Das Löckchen ist des Blondie sein Freund
„Ich hasse dich!", Murrte ich in die Richtung des aufgedrehten Gummiballs, alias Sammy.
„Wir wissen beide, dass das nicht stimmt. Und jetzt hör auf zu schmollen, das steht dir nicht!", Feixte mein zukünftiger Ex-bester Freund.
„Irgendwann, das schwöre ich dir, werde ich dich hierfür verdammt leiden lassen. Du weiß, wie sehr ich Menschen verabscheue. Oder Dates. Oder Kerzen." Dabei blickte ich verächtlich auf den Tisch auf dem zwei Kerzen brannten. „Ich meine wir leben im einundzwanzigsten Jahrhundert, und es gibt da eine nützliche Erfindung namens Strom! Sprich, Kerzen sind extrem überflüssig. Mich wundert es, dass überhaupt noch Leute solche Dinger kaufen. Da kann man auch gleich einen Geldschein anzünden, kommt aufs selbe raus." Ich könnte stundenlang über solches Ding meckern.
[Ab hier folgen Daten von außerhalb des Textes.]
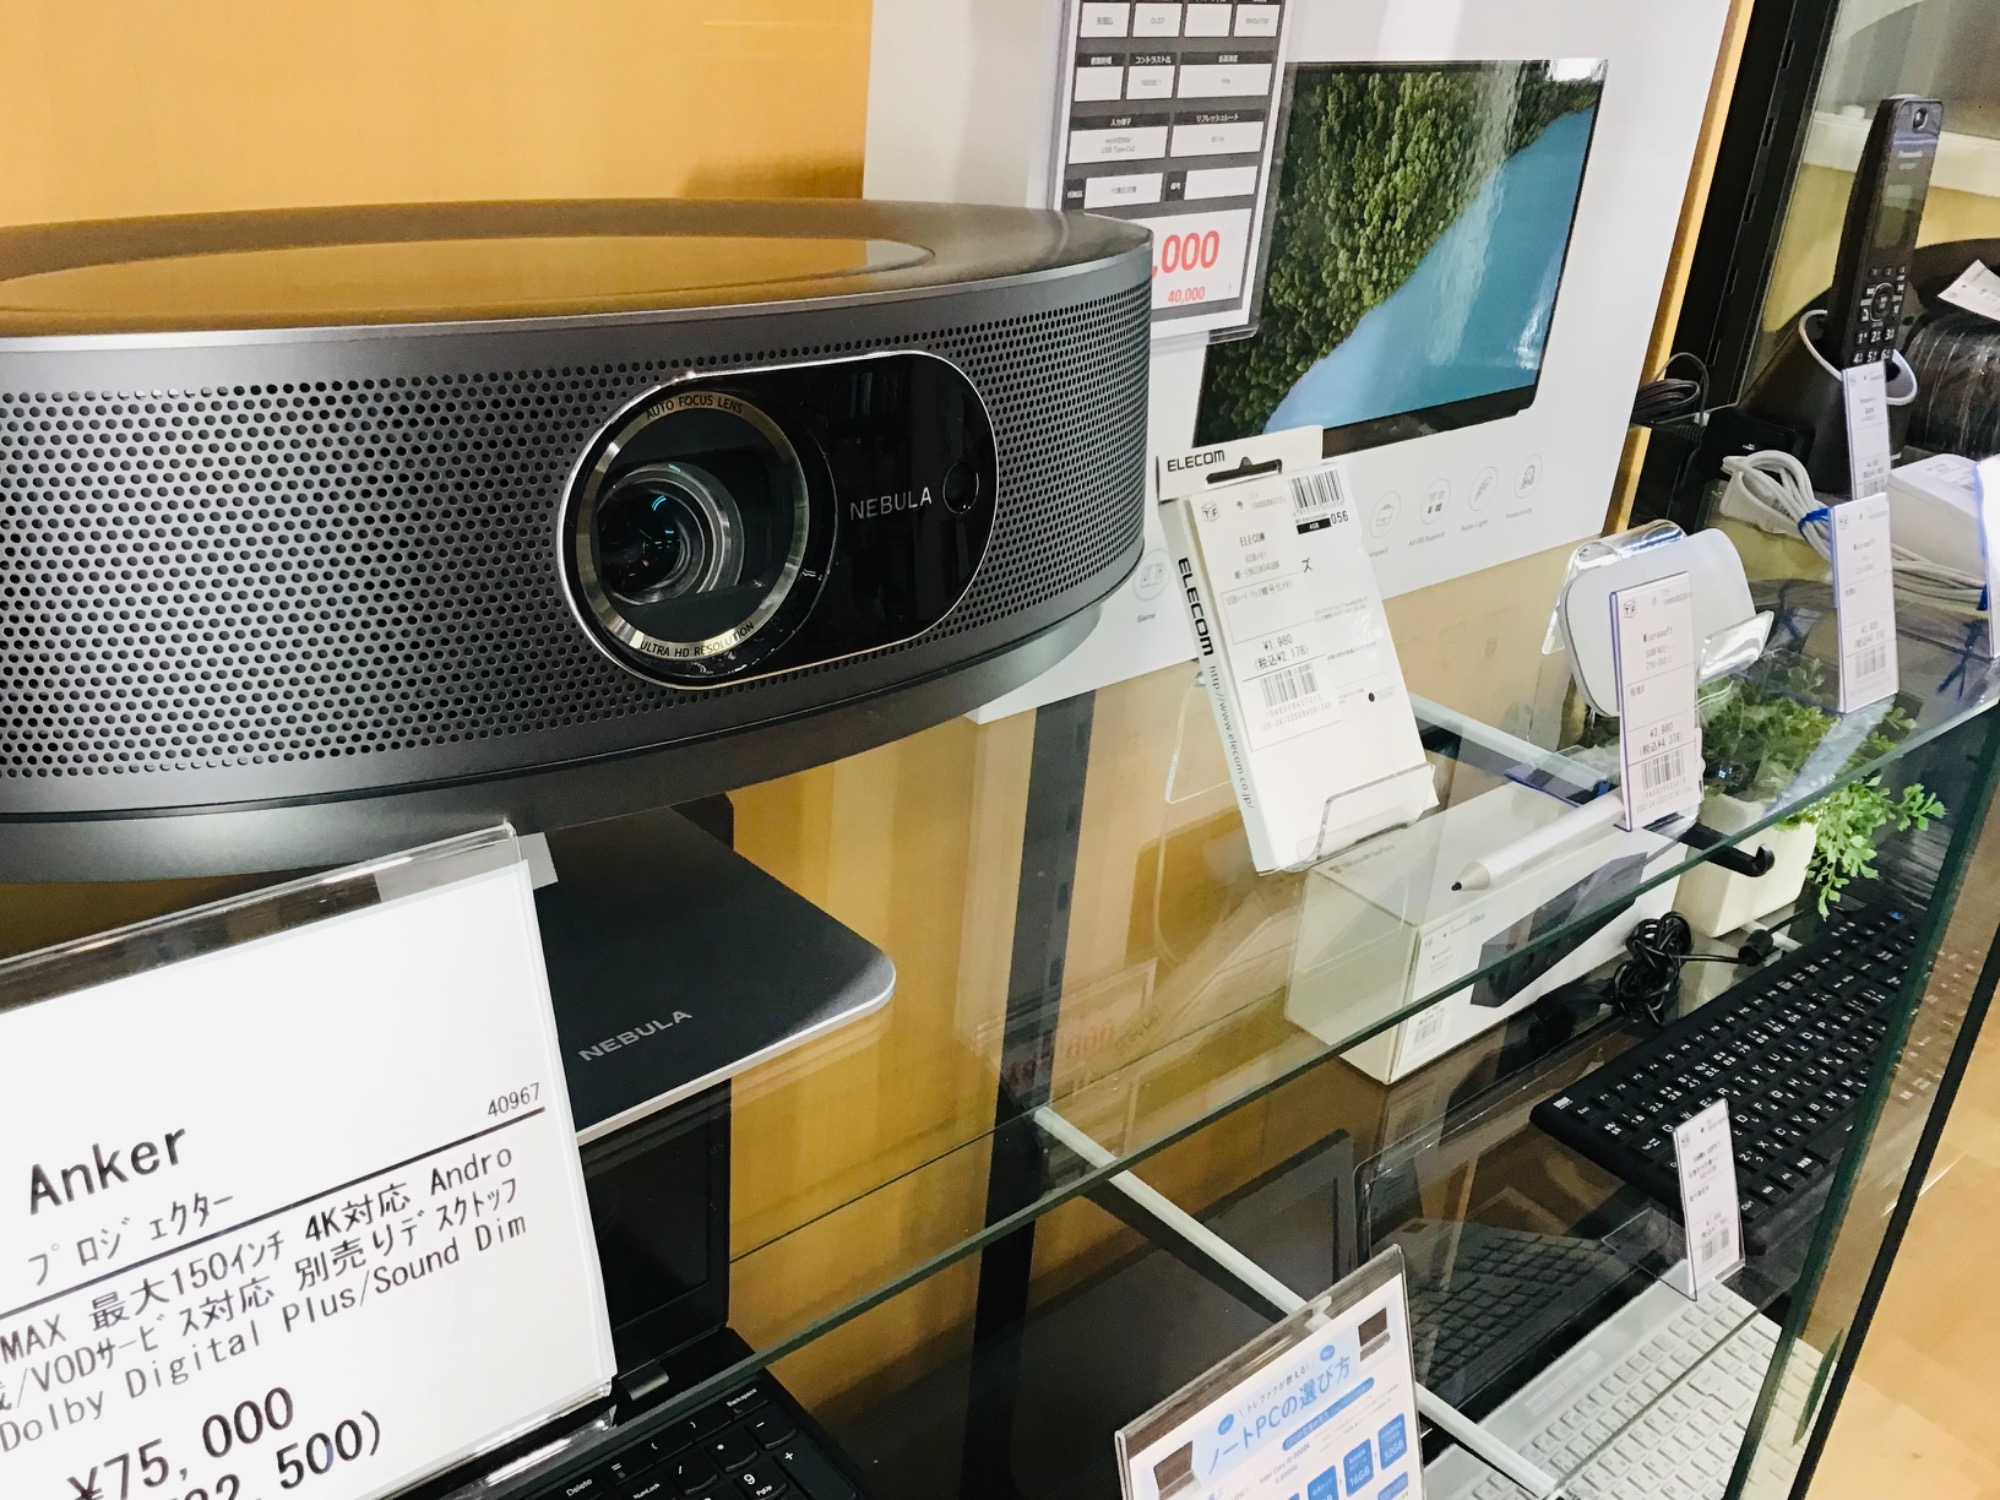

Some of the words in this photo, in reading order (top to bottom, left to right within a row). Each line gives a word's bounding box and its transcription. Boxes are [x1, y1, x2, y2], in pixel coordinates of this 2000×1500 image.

Eines meiner liebsten Hobbies.
„Kerzen sind romantisch!" Warf Sammy ein schwaches Argument in die Runde.
„Sind Wohnungsbrände auch romantisch?", Erwiderte ich trocken.
Er kam um eine Antwort herum, da es just in diesem Moment klingelte.
„Na happy Chanukka, sie sind endlich da!", Rief ich und warf gespielt begeistert meine Arme in die Luft. „Und das mit nur einer viertel Stunde Verspätung! Respekt."
„Kannst du heute bitte dein inneres Arschloch ein wenig im Griff behalten? Mir ist das hier wirklich wichtig! Ich bin immerhin dein bester Freund und einer der Wenigen, den du mit deiner ‚liebenswerten' Art noch nicht vergrault hast."
„Kein Grund, gleich Sarkastisch zu werden, mein Guter. Mir wurde dieses Gemüt in die Wiege gelegt, dagegen kann man nichts tun. Aber für dich, werde ich mich zusammen reißen."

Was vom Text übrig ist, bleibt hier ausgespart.